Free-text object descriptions
***
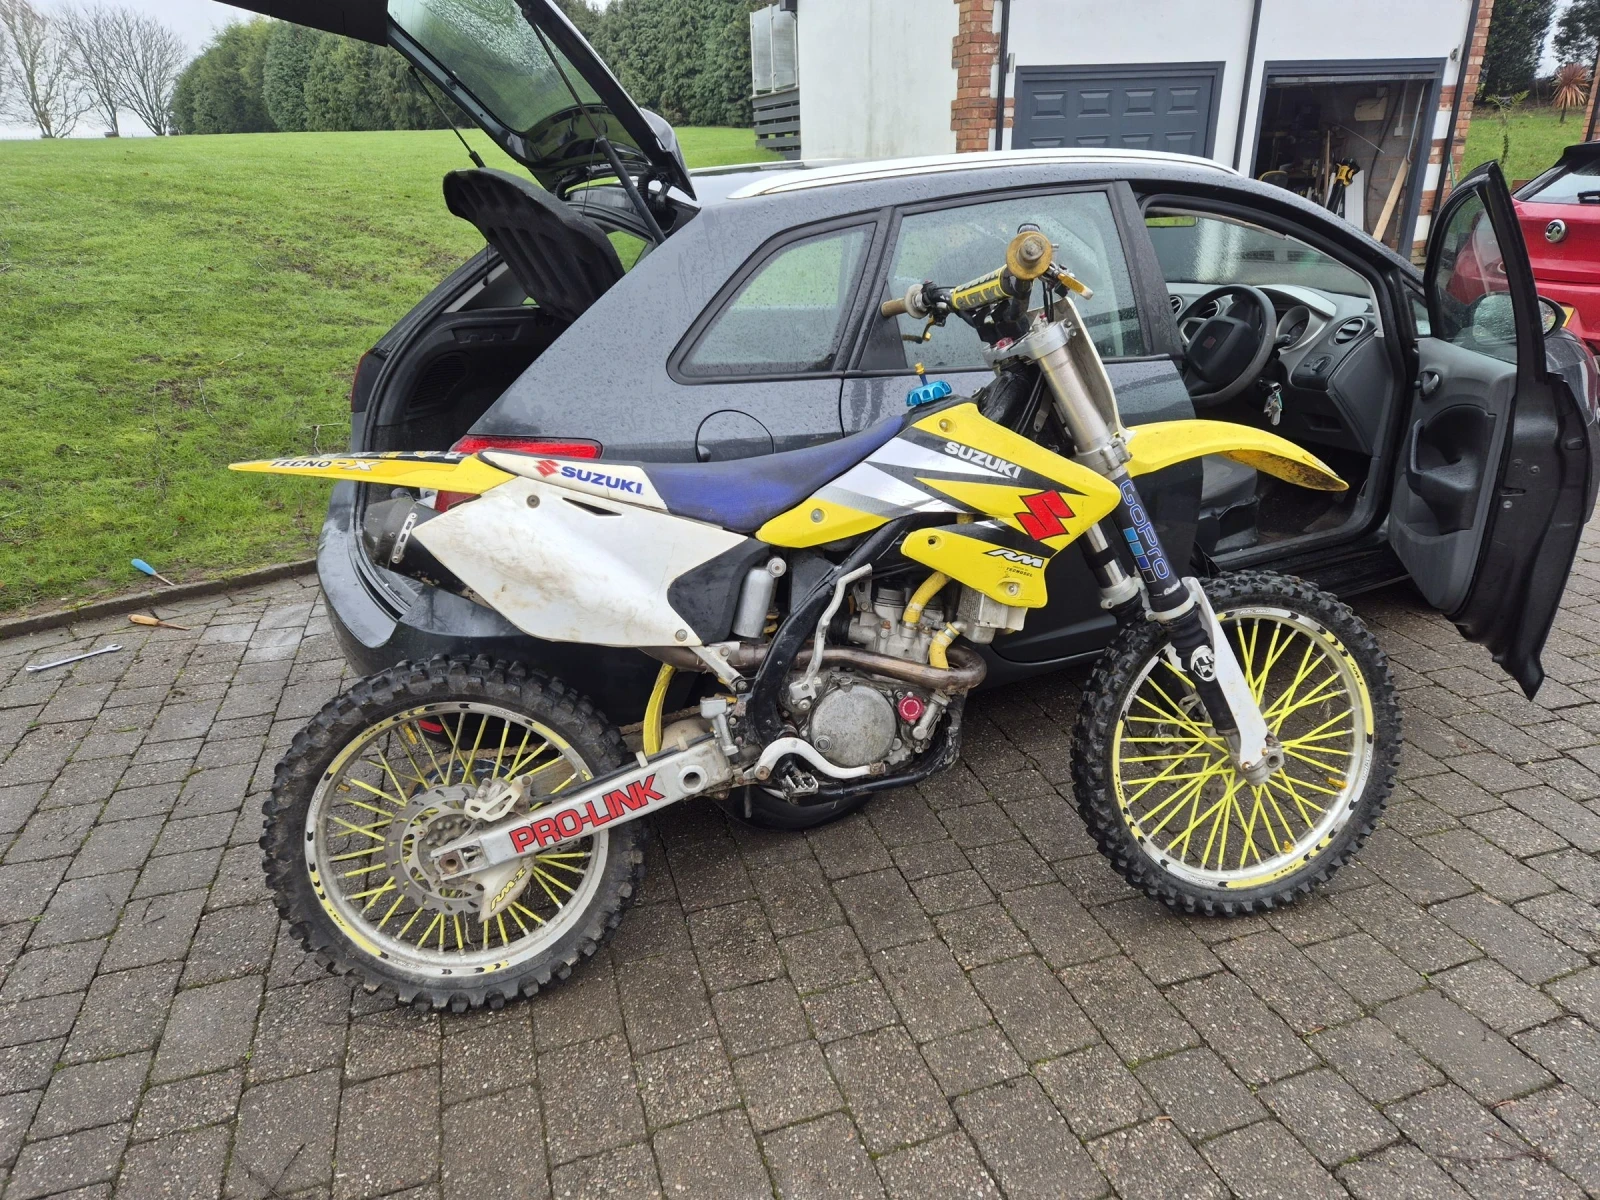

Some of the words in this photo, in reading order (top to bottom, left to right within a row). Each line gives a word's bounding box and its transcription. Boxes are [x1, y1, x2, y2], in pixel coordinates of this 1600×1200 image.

[944, 441, 1021, 479] SUZUKI
[560, 466, 643, 495] SUZUKI
[983, 548, 1044, 569] RM
[509, 773, 665, 853] PRO-LINK
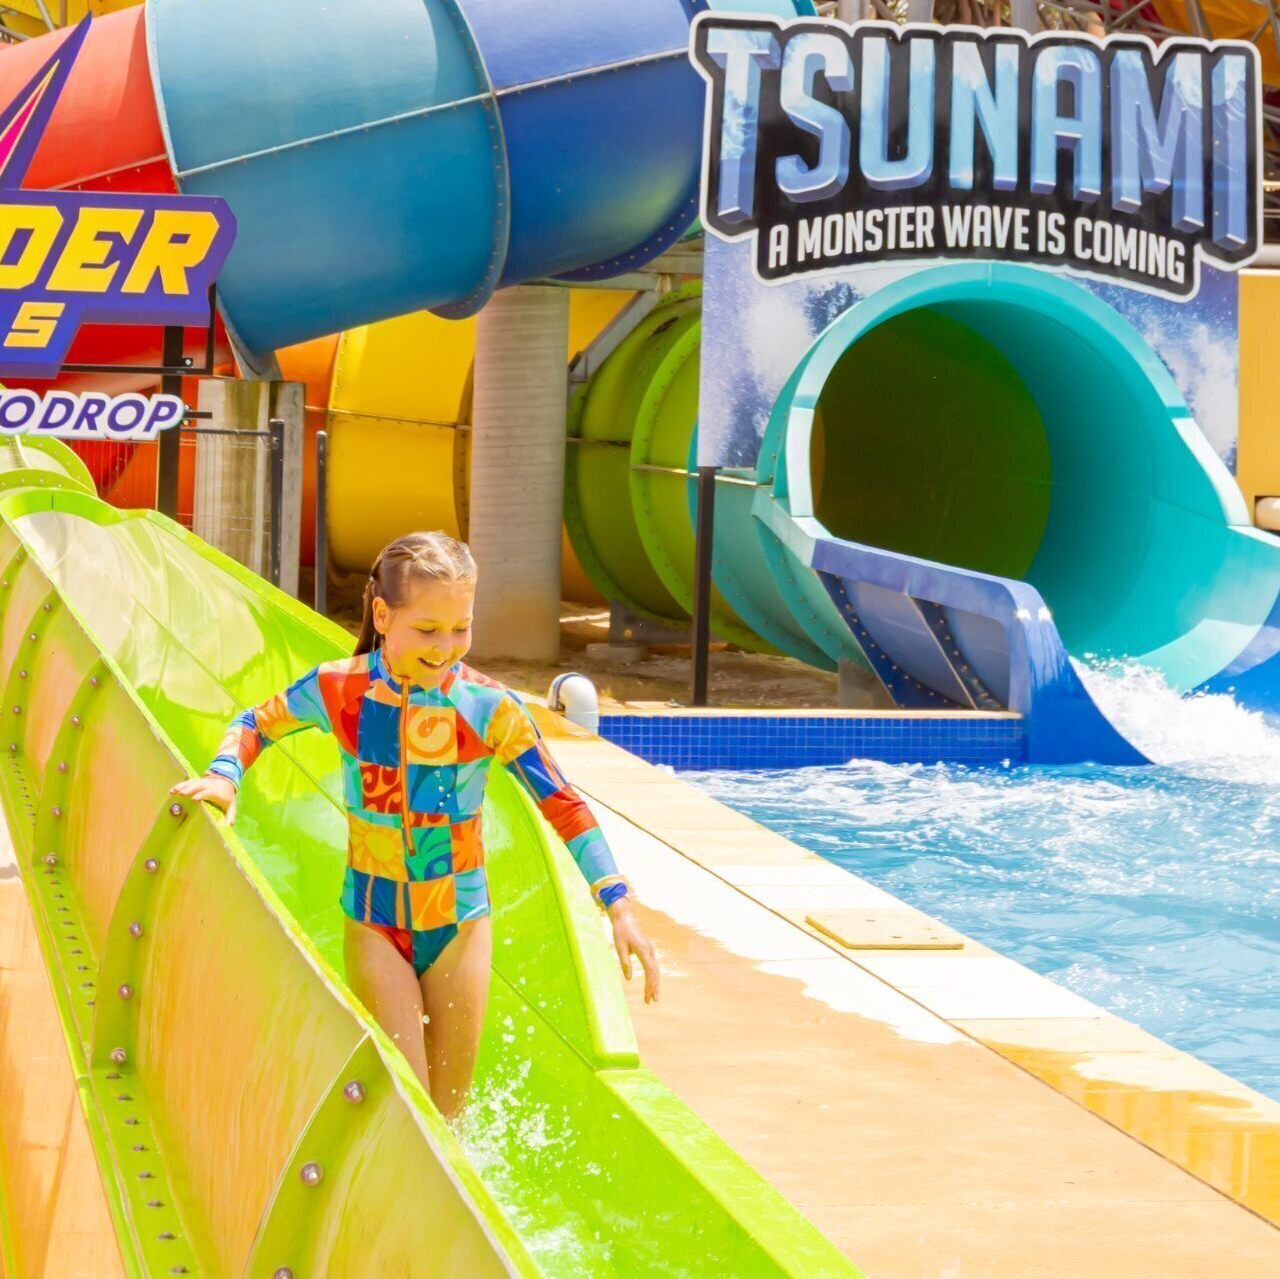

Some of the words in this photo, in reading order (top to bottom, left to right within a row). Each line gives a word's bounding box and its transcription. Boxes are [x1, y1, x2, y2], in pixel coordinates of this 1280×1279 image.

[708, 29, 1247, 250] TSUNAMI
[768, 224, 788, 268] A
[797, 205, 935, 261] MONSTER
[942, 206, 1029, 250] WAVE
[1038, 211, 1066, 255] IS
[1074, 217, 1185, 284] COMING
[37, 396, 179, 432] DROP
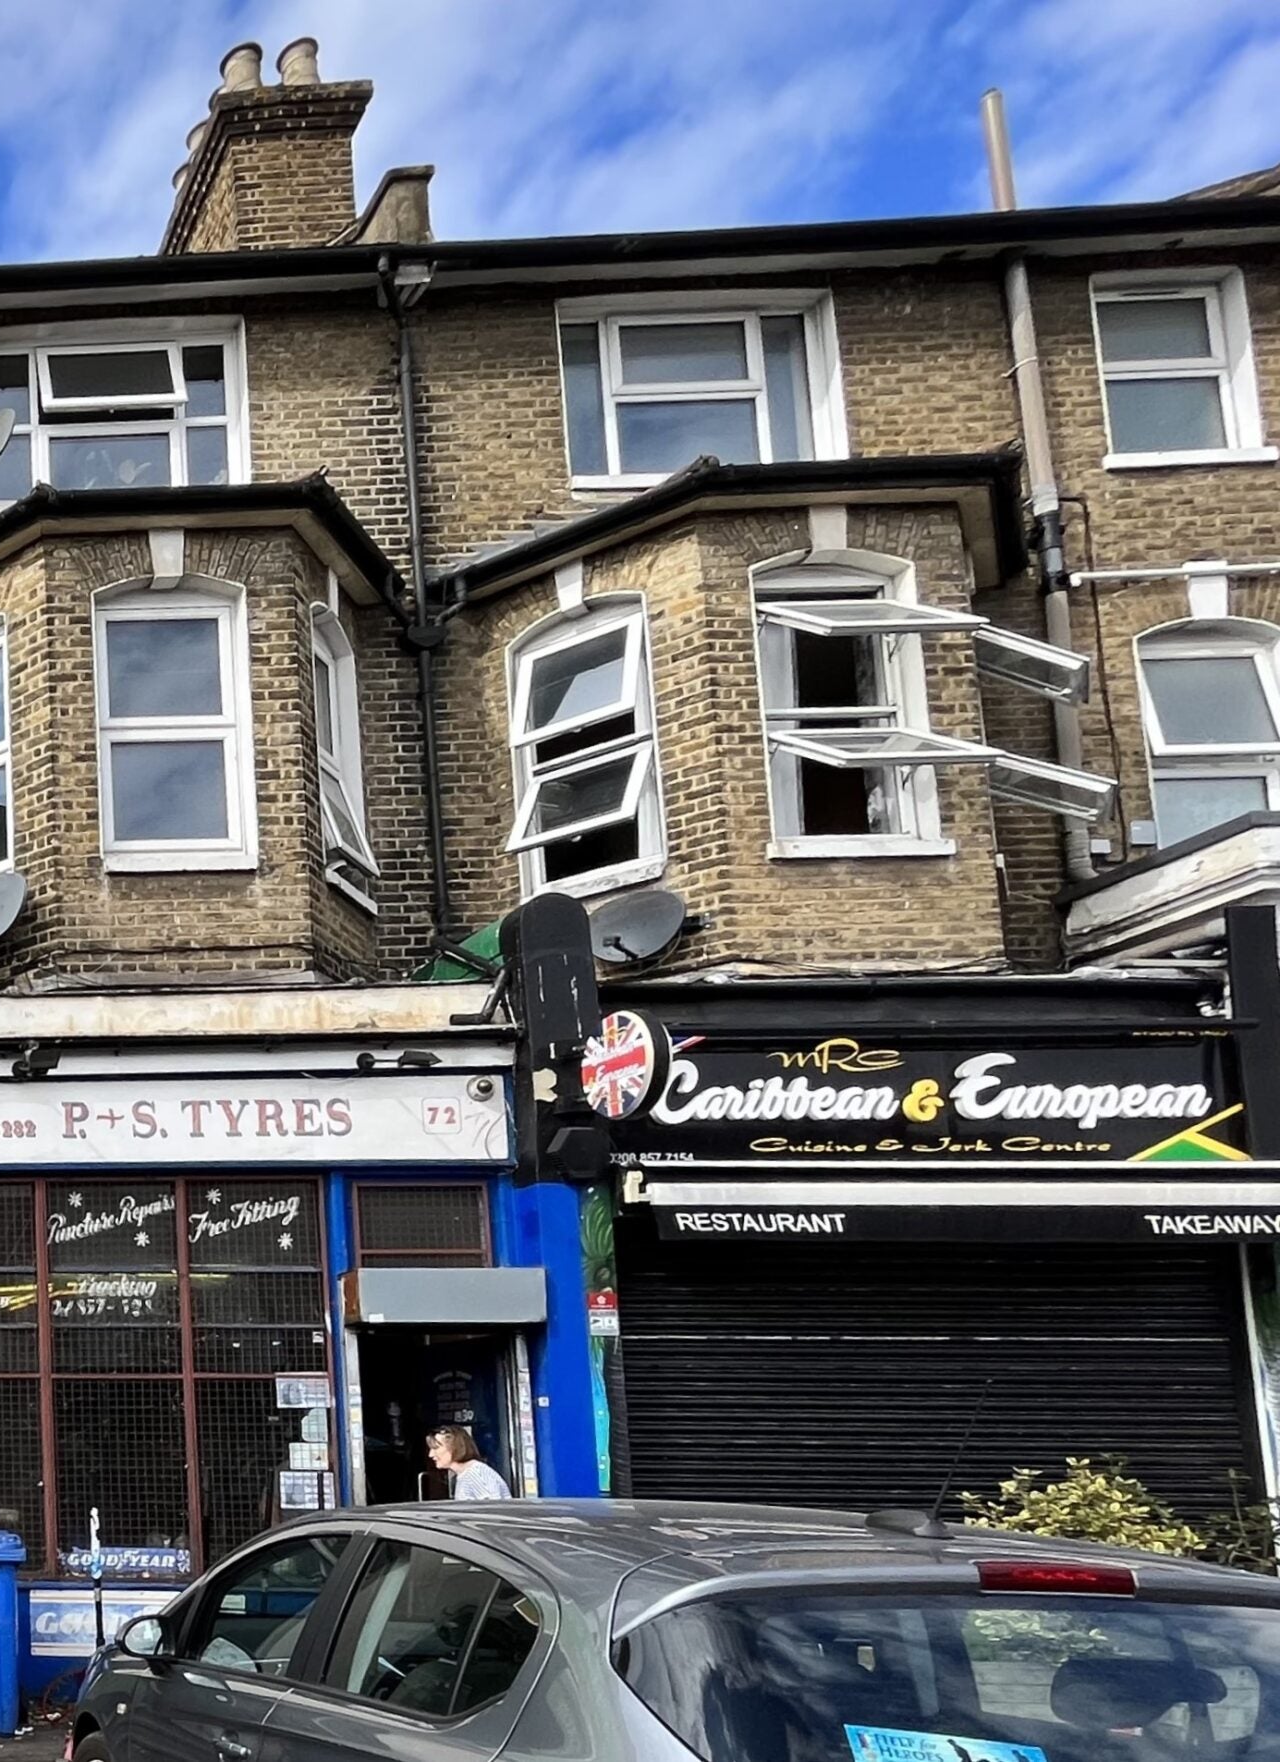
***
### HOW TO COMPLETE THIS TASK
Retype every entry verbatim and exclude the pictures from the copy.

### THE COMPLETED TASK
Some of the words in this photo, in reading order (top to bottom, left to right within a row). Each line gives a word's bounding box and its transcription. Boxes are [x1, y1, x2, y2], in pixel coordinates of this 1600×1200 image.

[944, 441, 1021, 479] SUZUKI
[560, 466, 643, 495] SUZUKI
[983, 548, 1044, 569] RM
[509, 773, 665, 853] PRO-LINK

Some of the words in this photo, in reading order (top to bottom, left to right within a row). Each line gives a word's bounding box and its transcription. Boxes are [x1, y1, x2, y2], in pixel coordinates of this 1280×1279 image.

[708, 29, 1247, 250] TSUNAMI
[768, 224, 788, 268] A
[797, 205, 935, 261] MONSTER
[942, 206, 1029, 250] WAVE
[1038, 211, 1066, 255] IS
[1074, 217, 1185, 284] COMING
[37, 396, 179, 432] DROP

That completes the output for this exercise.